Plaintiff relies on two cases, Vons and General Star, in an attempt to establish that these contract terms, as a matter of law, do not require the Mutual Insureds to pay the SIR amount out of pocket. Vons, 78 Cal. App. 4th 52; General Star National Ins. Co. v. World Oil Co., 973 F. Supp. 943 (C.D. Cal. 1997). In Vons, the California Court of Appeals adopted the reasoning from the Federal District Court's order in General Star. In General Star, the court addressed a SIR endorsement form which did not explicitly state that other insurance could not be used to fulfill the insured's SIR obligation. The court looked to extrinsic evidence to determine whether "World Oil understood that it could not seek coverage for the amount of the General Star deductible under the terms of the General Star policy." 973 F. Supp. at 946. In concluding that the contract did not prohibit World Oil from using other insurance coverage to satisfy the SIR amount, the court determined that the contract did not "unambiguously prohibit World Oil from obtaining deductible coverage" and that General Star failed to raise a genuine issue of material fact as to whether World Oil understood that the contract did not allow other insurance to cover the deductible amount.
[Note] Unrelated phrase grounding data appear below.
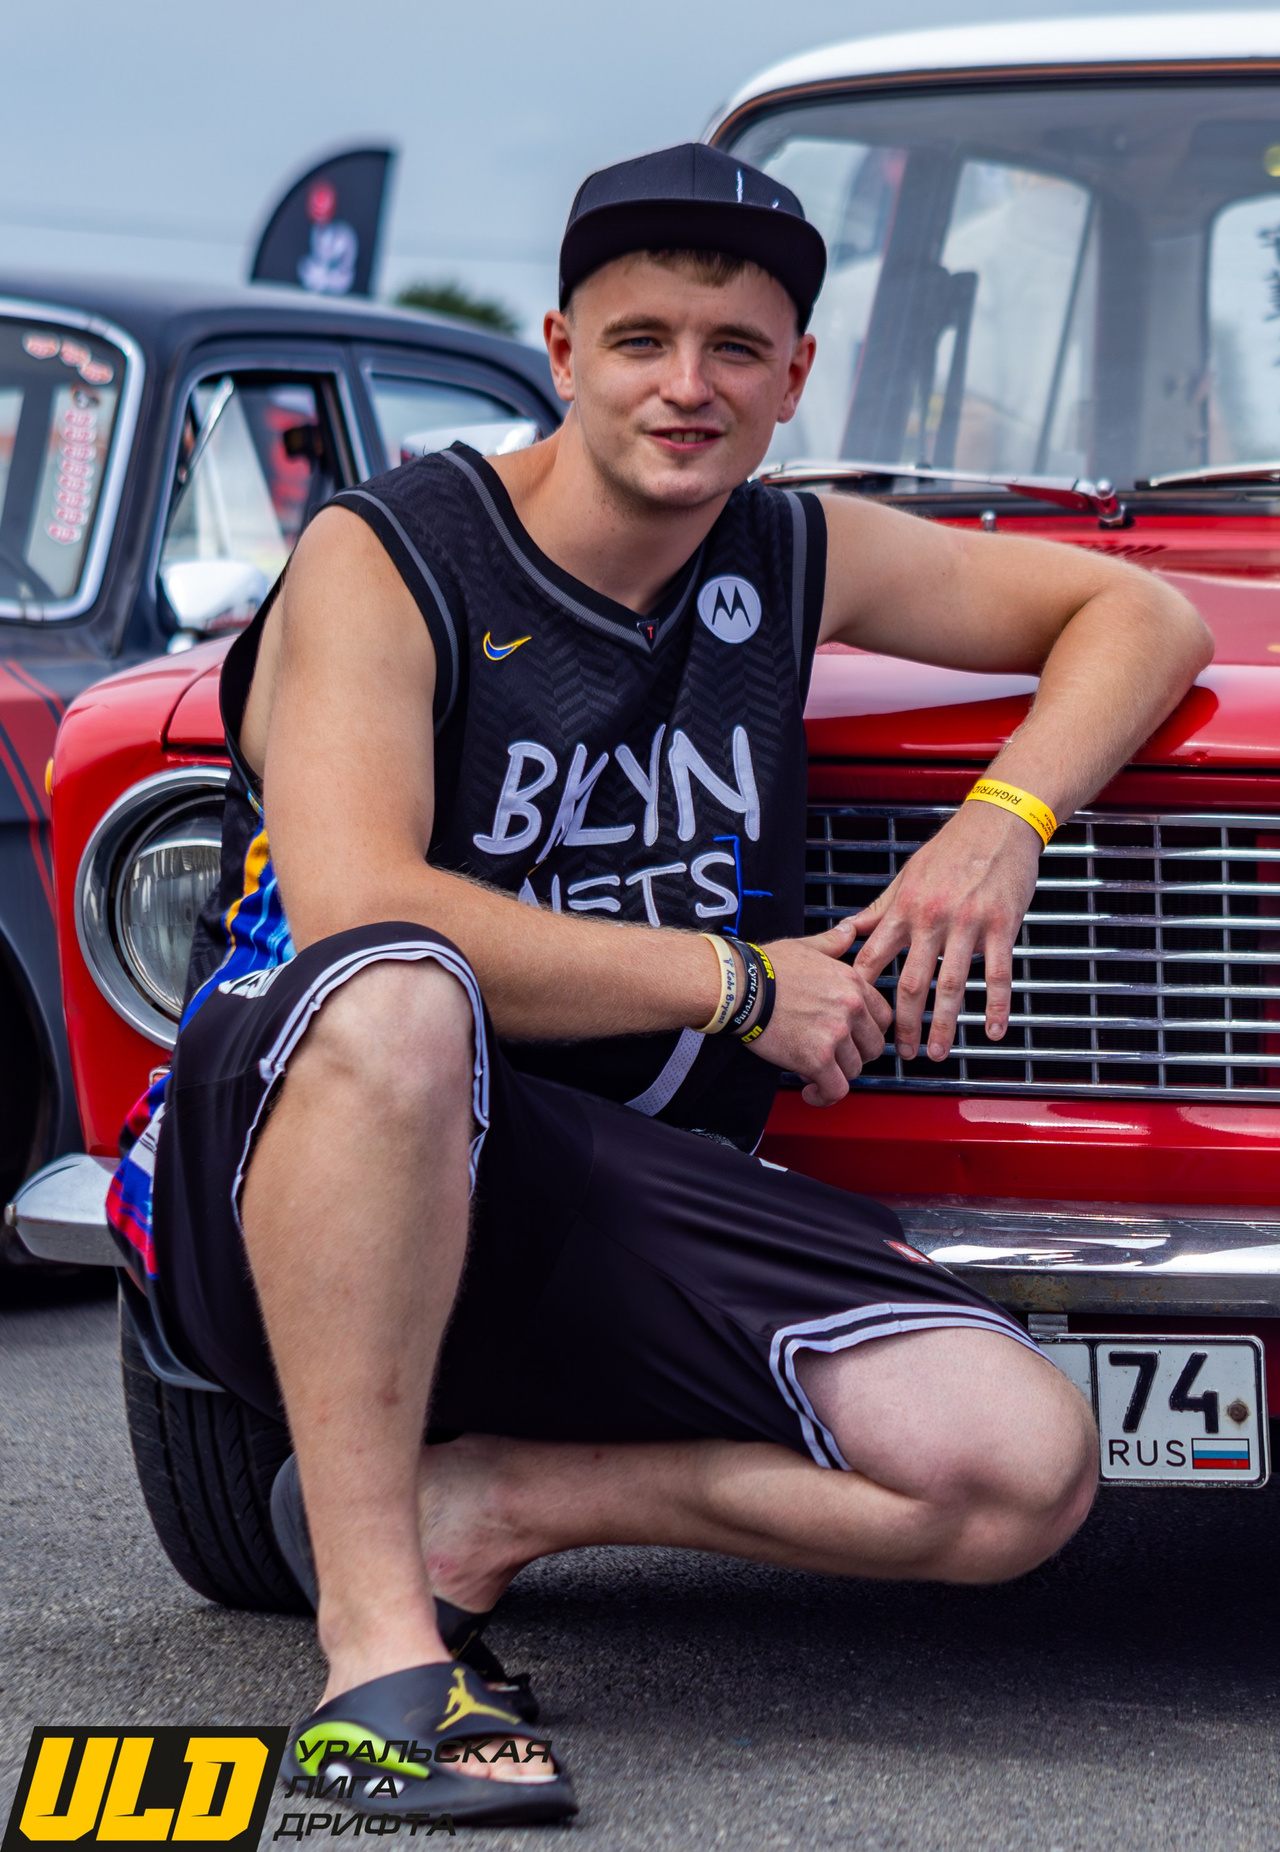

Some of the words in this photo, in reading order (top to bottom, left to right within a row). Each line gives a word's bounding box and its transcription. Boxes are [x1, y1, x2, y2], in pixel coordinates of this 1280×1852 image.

[473, 723, 761, 864] BKLYN
[726, 969, 736, 991] Kobe
[747, 962, 759, 992] Kyrie
[717, 993, 735, 1024] Bryant
[734, 993, 757, 1025] Irving
[1108, 1351, 1219, 1434] 74
[1108, 1439, 1187, 1467] RUS
Id. at 947.

Course of performance evidence or testimony by representatives of the Mutual Insureds may be relevant to determine whether Plaintiff is entitled to summary adjudication. Therefore, the Court will permit discovery to allow Defendant to respond to Plaintiff's Motion for Summary Adjudication of Issues. Plaintiff's motion is therefore denied pursuant to Rule 56(f).

ORDER

IT IS HEREBY ORDERED that Defendant's Ex Parte Motion to Continue Plaintiff's Motion for Summary Adjudication (Doc. # 32) is GRANTED. IT IS FURTHER ORDERED that Plaintiff's Motion for Summary Adjudication (Doc. # 29) of issues is DENIED without prejudice pursuant to Federal Rule of Civil Procedure 56(f).